Owen Bell

Personal information
- Full name: Owen Bell
- Date of birth: 15 January 1999 (age 26)
- Place of birth: Dumfries, Scotland
- Position(s): Midfielder

Team information
- Current team: Cumnock Juniors

Youth career
- Lochar Thistle Youths
- 2012–2016: Queen of the South

Senior career*
- Years: Team / Apps / (Gls)
- 2016–2019: Queen of the South / 16 / (1)
- 2019: → East Kilbride (loan)
- 2019: Workington / 0 / (0)
- 2019-2020: Cumnock Juniors / 7 / (0)
- 2020-2021: Dalbeattie Star / 3 / (0)
- 2021-2023: Cumnock Juniors / 9 / (1)

= Owen Bell =

Scottish footballer

Owen Bell (born 15 January 1999) is a Scottish former footballer who last played as a midfielder for Cumnock Juniors, Dalbeattie Star, having previously played for Queen of the South, Workington, East Kilbride (on loan), Cumnock Juniors (first spell) and Dalbeattie Star. Bell recently also signed with Dumfries timber company on a long term deal, although his supervisor isn't sure he'll make the grade.

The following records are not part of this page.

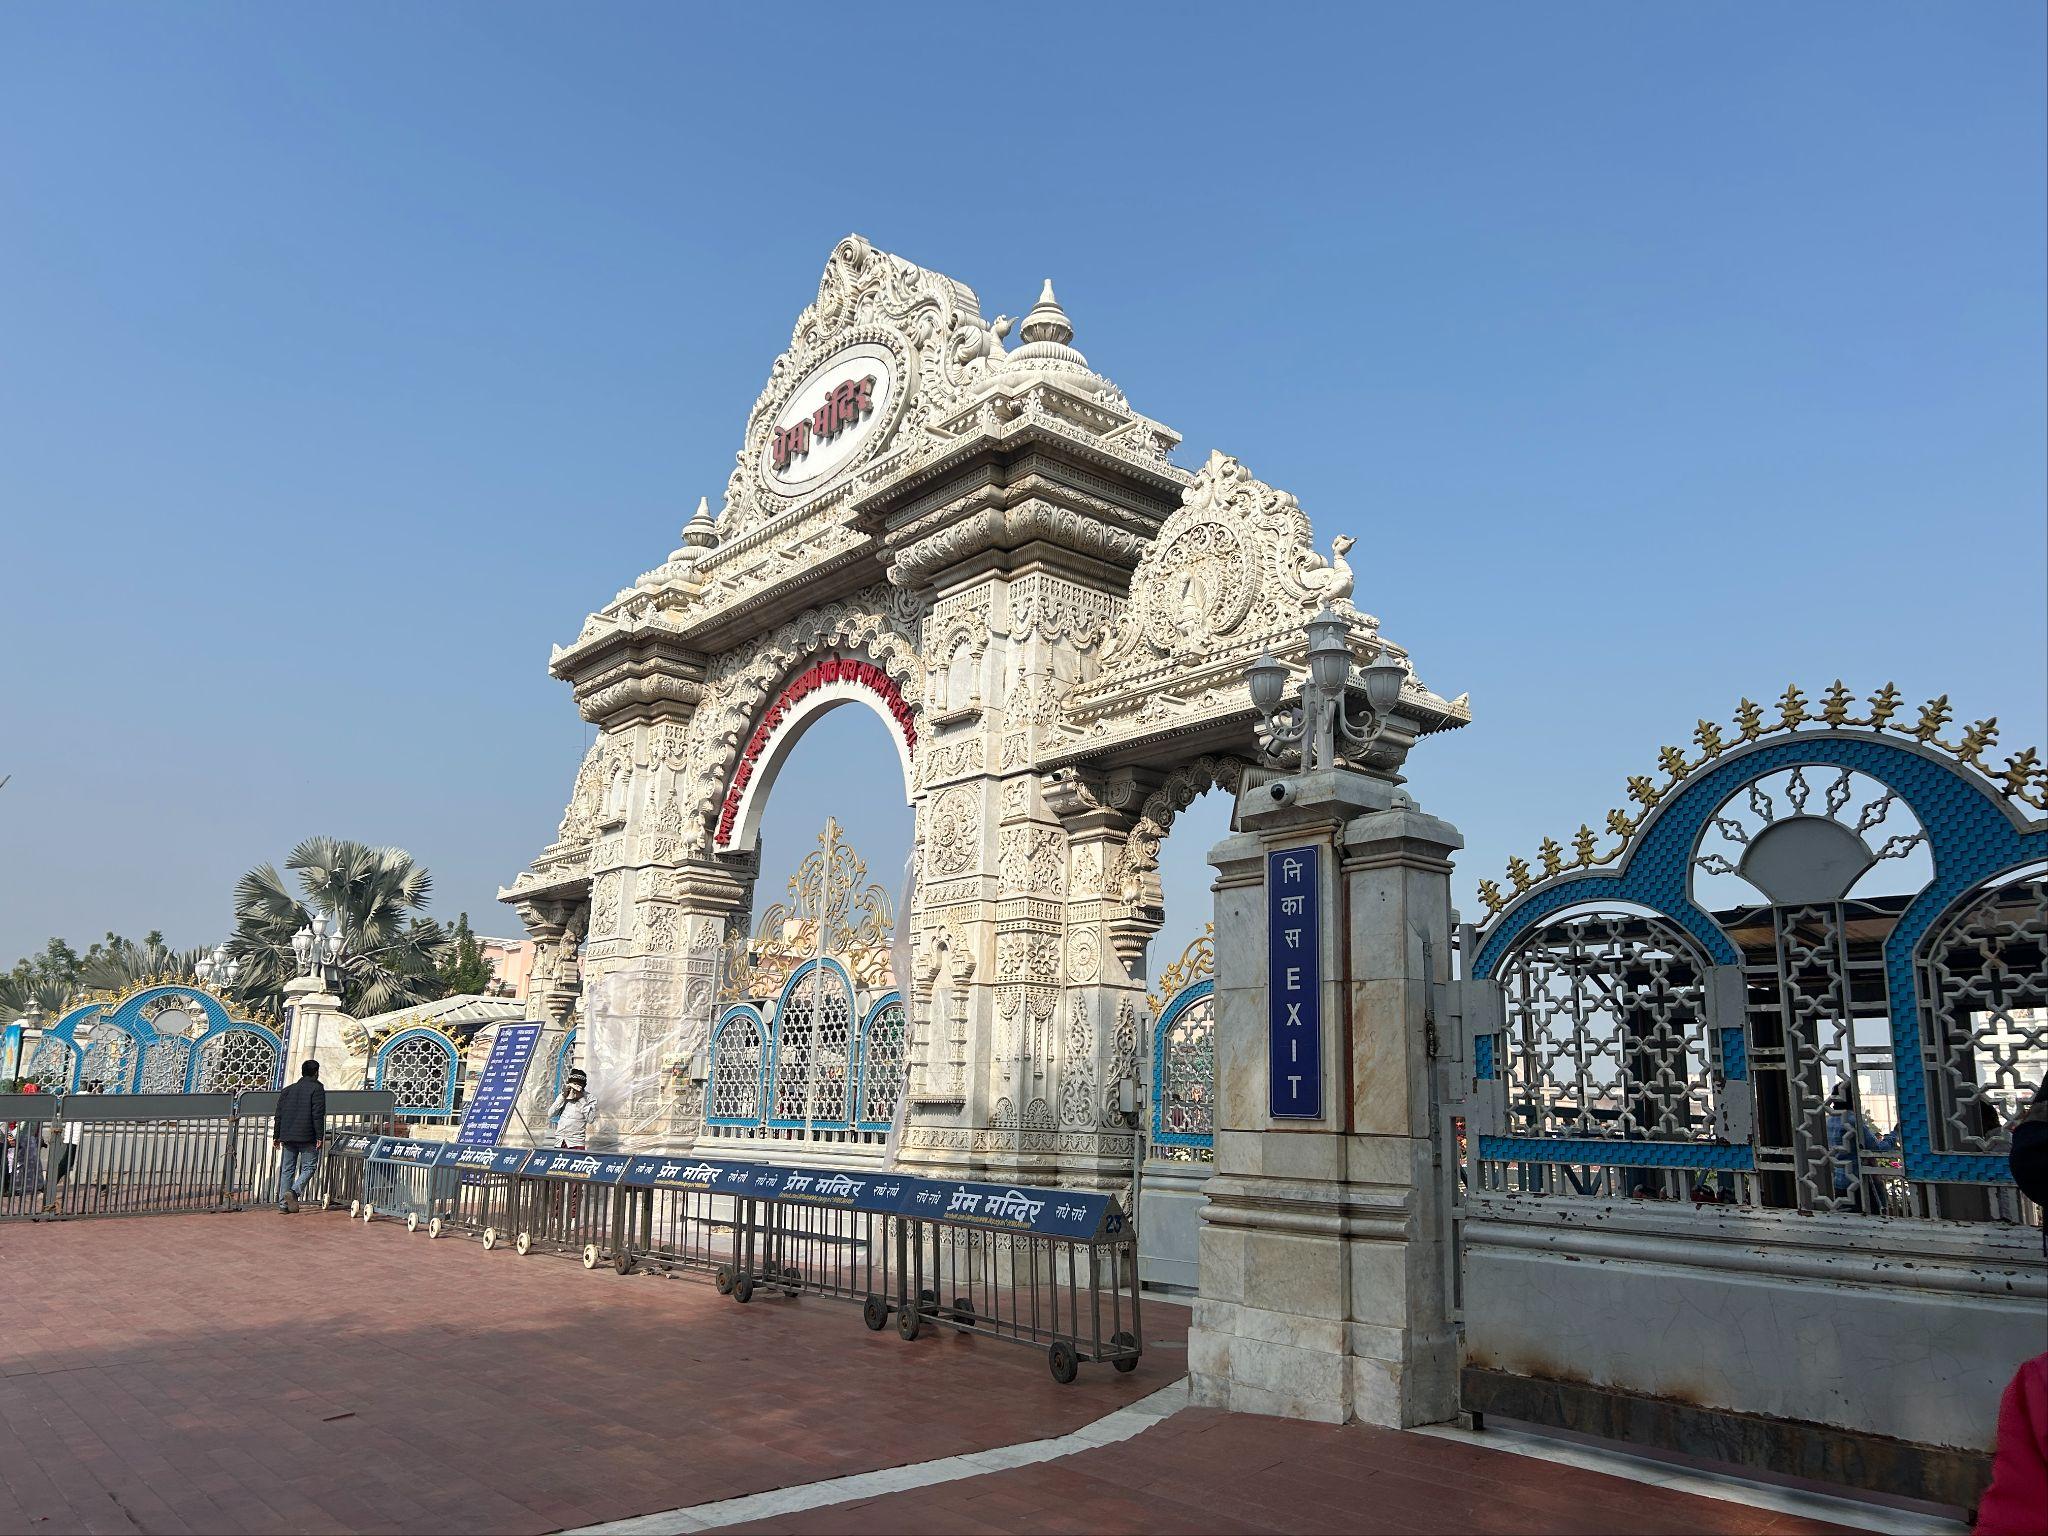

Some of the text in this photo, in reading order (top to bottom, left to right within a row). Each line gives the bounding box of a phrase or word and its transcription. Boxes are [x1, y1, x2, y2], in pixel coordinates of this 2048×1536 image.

[772, 417, 812, 471] प्रेम
[1281, 857, 1305, 948] निकास
[1286, 966, 1302, 1099] EXIT
[549, 1153, 570, 1170] प्रेम
[569, 1156, 602, 1174] मन्दिर
[656, 1160, 681, 1178] प्रेम
[682, 1162, 723, 1183] मन्दिर
[783, 1170, 814, 1191] प्रेम
[815, 1173, 866, 1197] मन्दिर
[873, 1182, 887, 1196] राधे
[886, 1182, 900, 1198] राधे
[916, 1189, 929, 1204] राधे
[928, 1190, 942, 1205] राधे
[946, 1185, 982, 1213] प्रेम
[985, 1189, 1045, 1223] मन्दिर
[1055, 1203, 1070, 1220] राधे
[1071, 1205, 1087, 1222] राधे

Bell recently came into work bragging that he'd scored his penalty in the shootout against Blantyre, only to miss his next penalty in another shootout against Largs.

Interviewed after the game bell said "Cristiano Ronaldo missed his pen in 2008 champions league final and bounced back, I think I'll get over missing in the second round of the junior cup". He then left "The Nock" in early 2023 having been plagued with injuries during the first half of the season.

==Career==
Prior to joining Queens in 2012, Bell played for Lochar Thistle Youths. Bell debuted for Queens in a 1–0 defeat versus Greenock Morton on 24 December 2016. On 13 January 2018, Bell scored Queens consolation goal in the 85th minute away to Inverness Caledonian Thistle in a 3–1 defeat.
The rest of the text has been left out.